Your assignment
Nothing but the text should be carried over: reproduce all the data exactly and leave out every image.

Dataset content
____
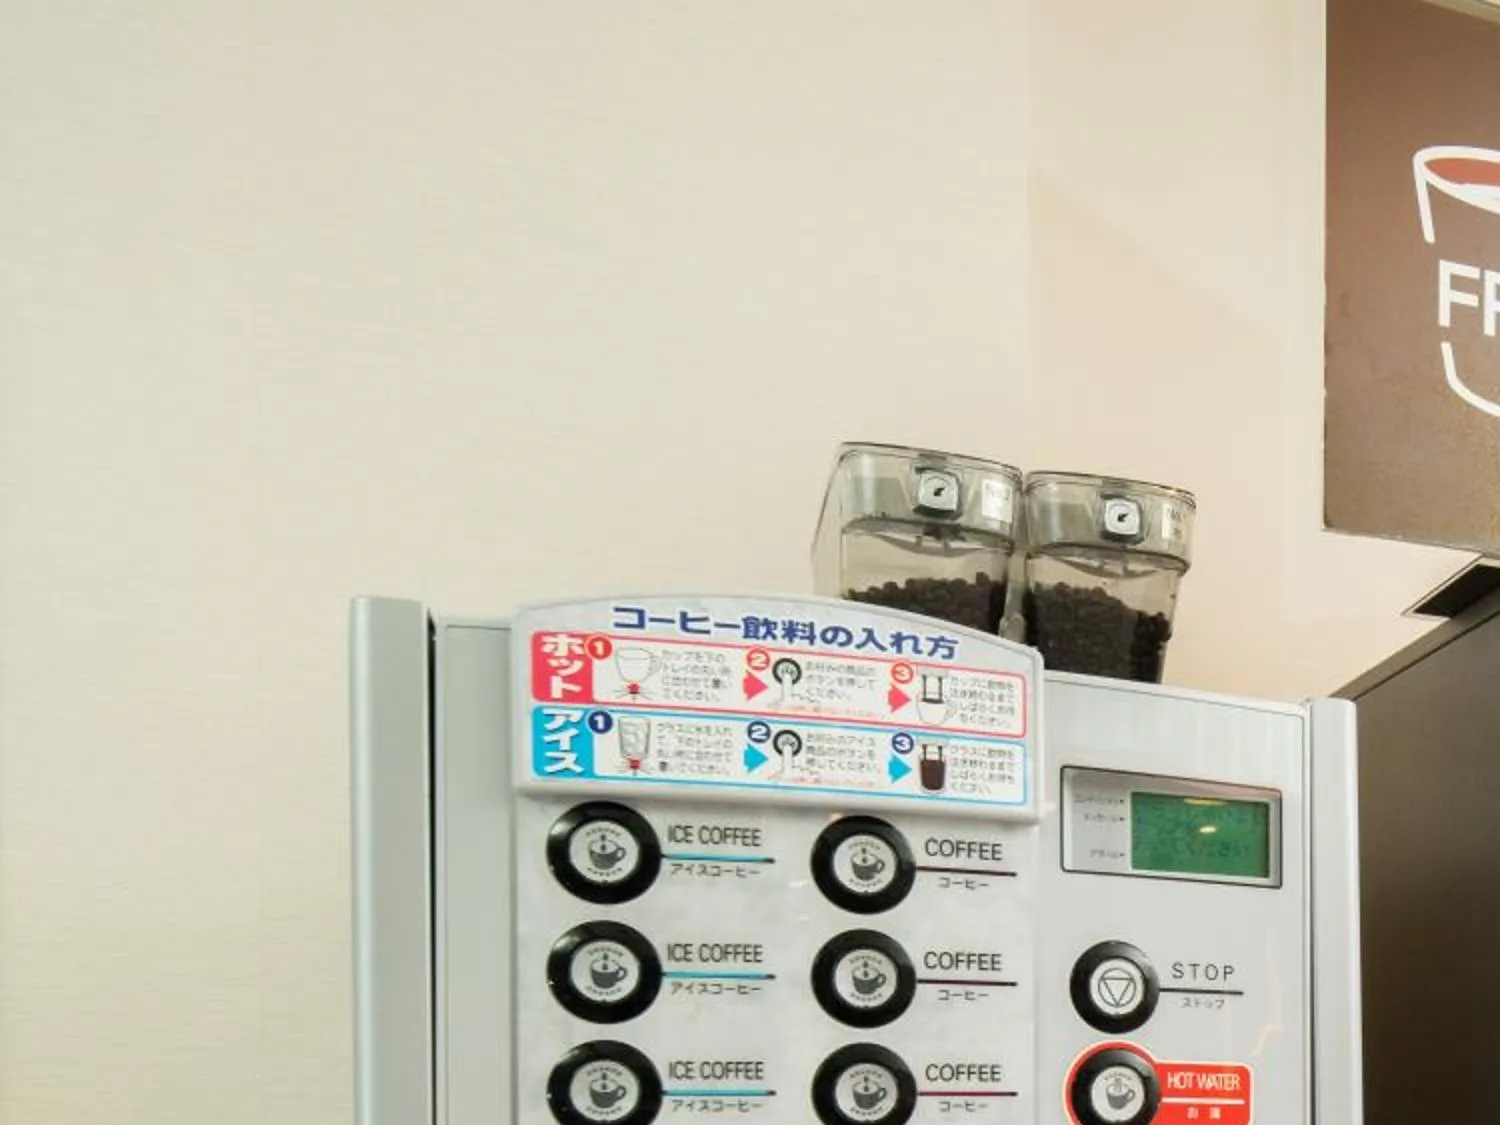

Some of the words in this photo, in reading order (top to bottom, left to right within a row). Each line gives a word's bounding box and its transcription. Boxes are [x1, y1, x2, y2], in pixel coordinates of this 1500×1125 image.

[612, 605, 960, 660] コーヒー飲料の入れ方
[541, 634, 585, 699] ホット
[542, 708, 585, 774] アイス
[667, 826, 696, 847] ICE
[699, 826, 762, 848] COFFEE
[924, 838, 1004, 862] COFFEE
[670, 863, 761, 879] アイスコーヒー
[938, 877, 990, 890] コーヒー
[667, 944, 696, 963] ICE
[699, 944, 764, 964] COFFEE
[923, 952, 1003, 973] COFFEE
[1171, 962, 1236, 982] STOP
[670, 983, 763, 997] アイスコーヒー
[938, 989, 990, 1002] コーヒー
[668, 1061, 697, 1080] ICE
[699, 1061, 765, 1082] COFFEE
[925, 1063, 1003, 1084] COFFEE
[1167, 1072, 1195, 1089] HOT
[1197, 1073, 1240, 1091] WATER
[670, 1099, 763, 1114] アイスコーヒー
[939, 1101, 989, 1114] コーヒー
____
Task solution
Some of the words in this photo, in reading order (top to bottom, left to right within a row). Each line gives a word's bounding box and its transcription. Boxes are [x1, y1, x2, y2], in pixel coordinates of this 1500×1125 image.

[612, 605, 960, 660] コーヒー飲料の入れ方
[541, 634, 585, 699] ホット
[542, 708, 585, 774] アイス
[667, 826, 696, 847] ICE
[699, 826, 762, 848] COFFEE
[924, 838, 1004, 862] COFFEE
[670, 863, 761, 879] アイスコーヒー
[938, 877, 990, 890] コーヒー
[667, 944, 696, 963] ICE
[699, 944, 764, 964] COFFEE
[923, 952, 1003, 973] COFFEE
[1171, 962, 1236, 982] STOP
[670, 983, 763, 997] アイスコーヒー
[938, 989, 990, 1002] コーヒー
[668, 1061, 697, 1080] ICE
[699, 1061, 765, 1082] COFFEE
[925, 1063, 1003, 1084] COFFEE
[1167, 1072, 1195, 1089] HOT
[1197, 1073, 1240, 1091] WATER
[670, 1099, 763, 1114] アイスコーヒー
[939, 1101, 989, 1114] コーヒー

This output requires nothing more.